EXERCISE INPUTS:

====

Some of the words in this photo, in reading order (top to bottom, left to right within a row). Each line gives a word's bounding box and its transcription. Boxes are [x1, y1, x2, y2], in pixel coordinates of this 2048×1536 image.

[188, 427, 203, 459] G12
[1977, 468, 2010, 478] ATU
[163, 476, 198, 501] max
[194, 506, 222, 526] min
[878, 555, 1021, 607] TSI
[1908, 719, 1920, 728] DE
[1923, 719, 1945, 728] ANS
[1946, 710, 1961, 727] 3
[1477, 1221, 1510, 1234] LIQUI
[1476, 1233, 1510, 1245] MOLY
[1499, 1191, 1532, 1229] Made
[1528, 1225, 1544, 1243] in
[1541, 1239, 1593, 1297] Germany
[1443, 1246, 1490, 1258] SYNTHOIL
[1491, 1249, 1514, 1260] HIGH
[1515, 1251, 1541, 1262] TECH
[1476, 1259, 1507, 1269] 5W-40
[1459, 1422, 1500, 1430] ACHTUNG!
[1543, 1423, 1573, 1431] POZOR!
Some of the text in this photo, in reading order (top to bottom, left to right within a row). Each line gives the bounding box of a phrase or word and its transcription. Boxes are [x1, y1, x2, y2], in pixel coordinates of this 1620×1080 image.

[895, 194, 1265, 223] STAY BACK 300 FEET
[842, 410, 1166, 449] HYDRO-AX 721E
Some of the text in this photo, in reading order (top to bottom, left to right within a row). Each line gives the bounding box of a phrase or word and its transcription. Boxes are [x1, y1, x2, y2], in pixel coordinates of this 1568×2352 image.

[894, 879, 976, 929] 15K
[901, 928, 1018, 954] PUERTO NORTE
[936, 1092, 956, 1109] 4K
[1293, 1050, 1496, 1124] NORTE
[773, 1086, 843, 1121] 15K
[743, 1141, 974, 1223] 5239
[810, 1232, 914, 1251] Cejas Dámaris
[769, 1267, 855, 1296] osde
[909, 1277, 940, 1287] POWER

====

YOUR ASSIGNMENT:
Once you have read the records above, write them all out exactly.

PROBLEM SOLUTION:
Some of the words in this photo, in reading order (top to bottom, left to right within a row). Each line gives a word's bounding box and its transcription. Boxes are [x1, y1, x2, y2], in pixel coordinates of this 2048×1536 image.

[188, 427, 203, 459] G12
[1977, 468, 2010, 478] ATU
[163, 476, 198, 501] max
[194, 506, 222, 526] min
[878, 555, 1021, 607] TSI
[1908, 719, 1920, 728] DE
[1923, 719, 1945, 728] ANS
[1946, 710, 1961, 727] 3
[1477, 1221, 1510, 1234] LIQUI
[1476, 1233, 1510, 1245] MOLY
[1499, 1191, 1532, 1229] Made
[1528, 1225, 1544, 1243] in
[1541, 1239, 1593, 1297] Germany
[1443, 1246, 1490, 1258] SYNTHOIL
[1491, 1249, 1514, 1260] HIGH
[1515, 1251, 1541, 1262] TECH
[1476, 1259, 1507, 1269] 5W-40
[1459, 1422, 1500, 1430] ACHTUNG!
[1543, 1423, 1573, 1431] POZOR!
Some of the text in this photo, in reading order (top to bottom, left to right within a row). Each line gives the bounding box of a phrase or word and its transcription. Boxes are [x1, y1, x2, y2], in pixel coordinates of this 1620×1080 image.

[895, 194, 1265, 223] STAY BACK 300 FEET
[842, 410, 1166, 449] HYDRO-AX 721E
Some of the text in this photo, in reading order (top to bottom, left to right within a row). Each line gives the bounding box of a phrase or word and its transcription. Boxes are [x1, y1, x2, y2], in pixel coordinates of this 1568×2352 image.

[894, 879, 976, 929] 15K
[901, 928, 1018, 954] PUERTO NORTE
[936, 1092, 956, 1109] 4K
[1293, 1050, 1496, 1124] NORTE
[773, 1086, 843, 1121] 15K
[743, 1141, 974, 1223] 5239
[810, 1232, 914, 1251] Cejas Dámaris
[769, 1267, 855, 1296] osde
[909, 1277, 940, 1287] POWER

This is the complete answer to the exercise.